Così è nel caso dell’immigrazione che dal Messico proietta i latinos poveri verso la frontiera degli Stati Uniti, suscitando le ire di Trump e le sempre più decise misure restrittive di Biden.
Così è nel caso dell’Europa, sempre più sensibile alla linea della Meloni, che in Italia mira a respingere gli “invasori” cercando di bloccarli in campi di concentramento fuori delle frontiere, in Libia e Tunisia o in Albania. Così è nel caso del Regno Unito, dove il premier Sunak ha fatto recentemente passare una legge che prevede la deportazione degli immigrati nel Ruanda.

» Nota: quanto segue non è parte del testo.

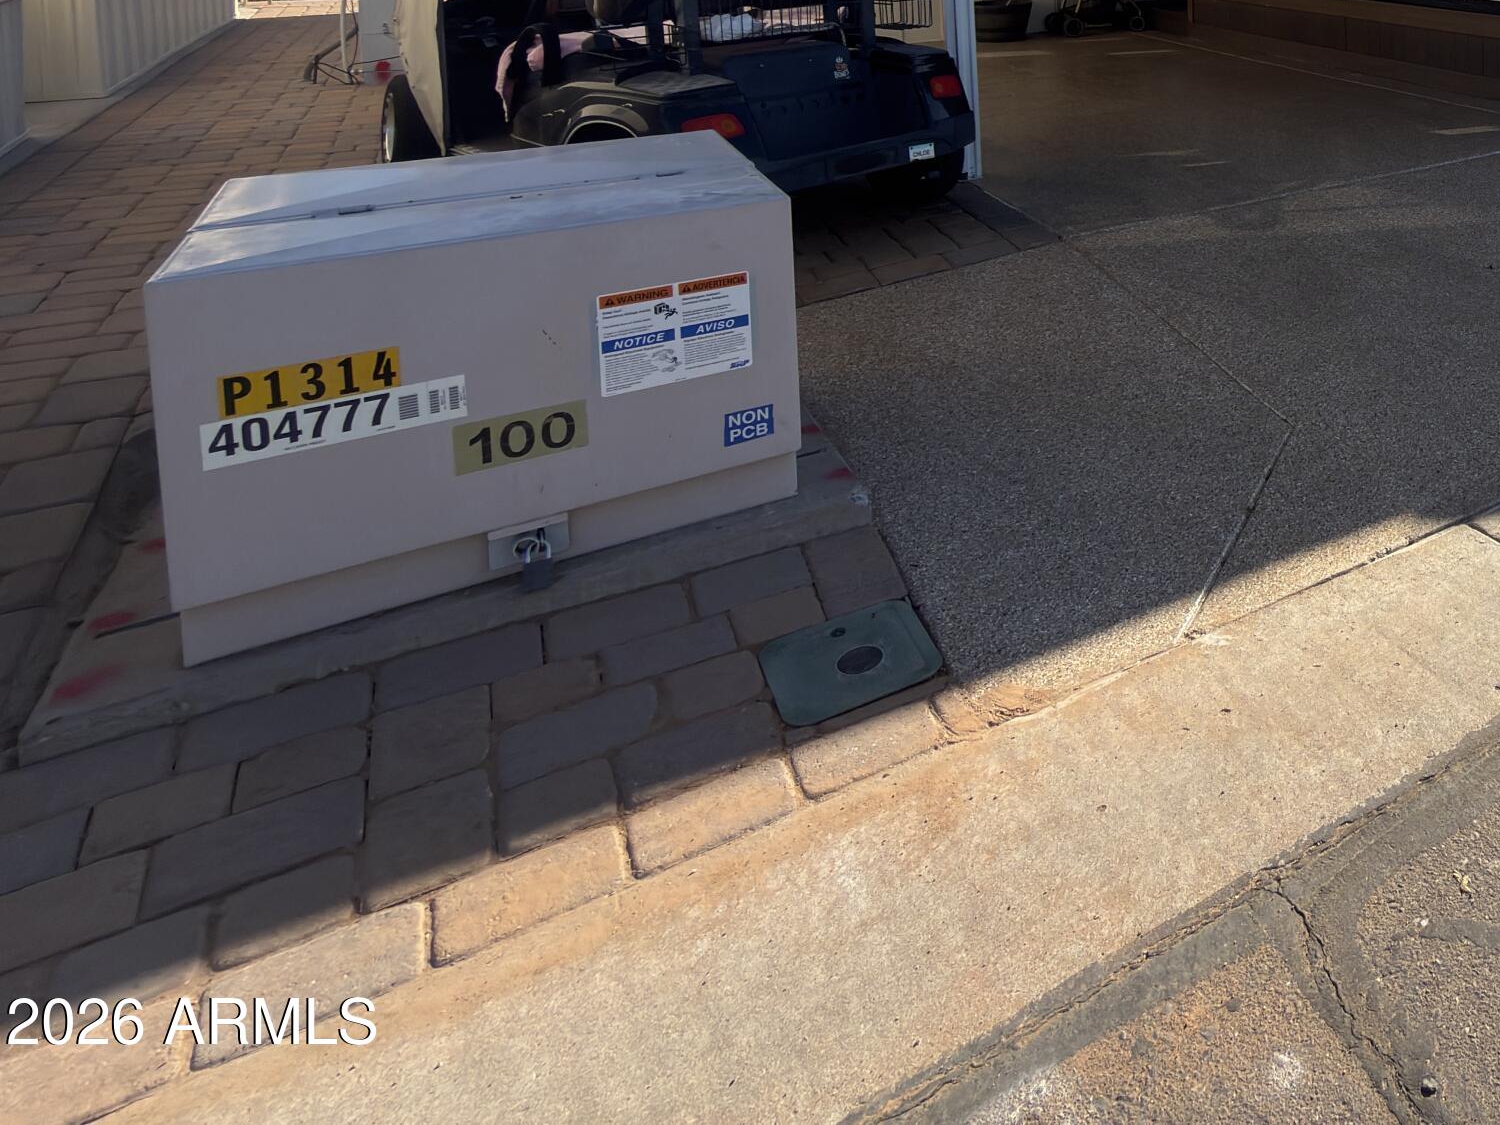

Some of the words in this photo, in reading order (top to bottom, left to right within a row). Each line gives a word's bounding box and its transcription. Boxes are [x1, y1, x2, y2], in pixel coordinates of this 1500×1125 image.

La caduta del muro di Berlino, nel 1989, ha segnato la fine della contrapposizione tra Est ed Ovest. Ma ora nuovi muri sorgono dappertutto, in America come in Europa, tra Nord e Sud. Con un numero di vittime enormemente superiore a quelle cadute nel passaggio del muro di Berlino. E creando un clima che da un lato è quello della difensiva ad oltranza, dall’altro quello della disperata ricerca di una migliore condizione di vita. Il «nuovo ordine mondiale», rischia, così, di essere un ritorno a quello dell’odio e della paura.
Con la differenza, che qui, ad alzare le barriere non sono più dei paesi totalitari, ma le nostre democrazie – le stesse che hanno lottato per la libertà e che ora sembrano aver concluso che quella che volevano era solo la “loro” libertà, da cui cercano di tenere lontani quanti vorrebbero esserne partecipi.